┌─ RECORDS SHOWN

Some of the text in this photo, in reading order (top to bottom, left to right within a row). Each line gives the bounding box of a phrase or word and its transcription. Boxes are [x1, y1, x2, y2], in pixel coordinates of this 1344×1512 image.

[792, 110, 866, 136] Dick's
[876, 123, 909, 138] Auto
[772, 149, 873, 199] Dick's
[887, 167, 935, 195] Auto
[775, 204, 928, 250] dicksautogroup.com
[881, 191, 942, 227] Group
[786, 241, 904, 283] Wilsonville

└─

EXERCISE
Each entry above is to be copied out exactly.

SOLVED PROBLEM
Some of the text in this photo, in reading order (top to bottom, left to right within a row). Each line gives the bounding box of a phrase or word and its transcription. Boxes are [x1, y1, x2, y2], in pixel coordinates of this 1344×1512 image.

[792, 110, 866, 136] Dick's
[876, 123, 909, 138] Auto
[772, 149, 873, 199] Dick's
[887, 167, 935, 195] Auto
[775, 204, 928, 250] dicksautogroup.com
[881, 191, 942, 227] Group
[786, 241, 904, 283] Wilsonville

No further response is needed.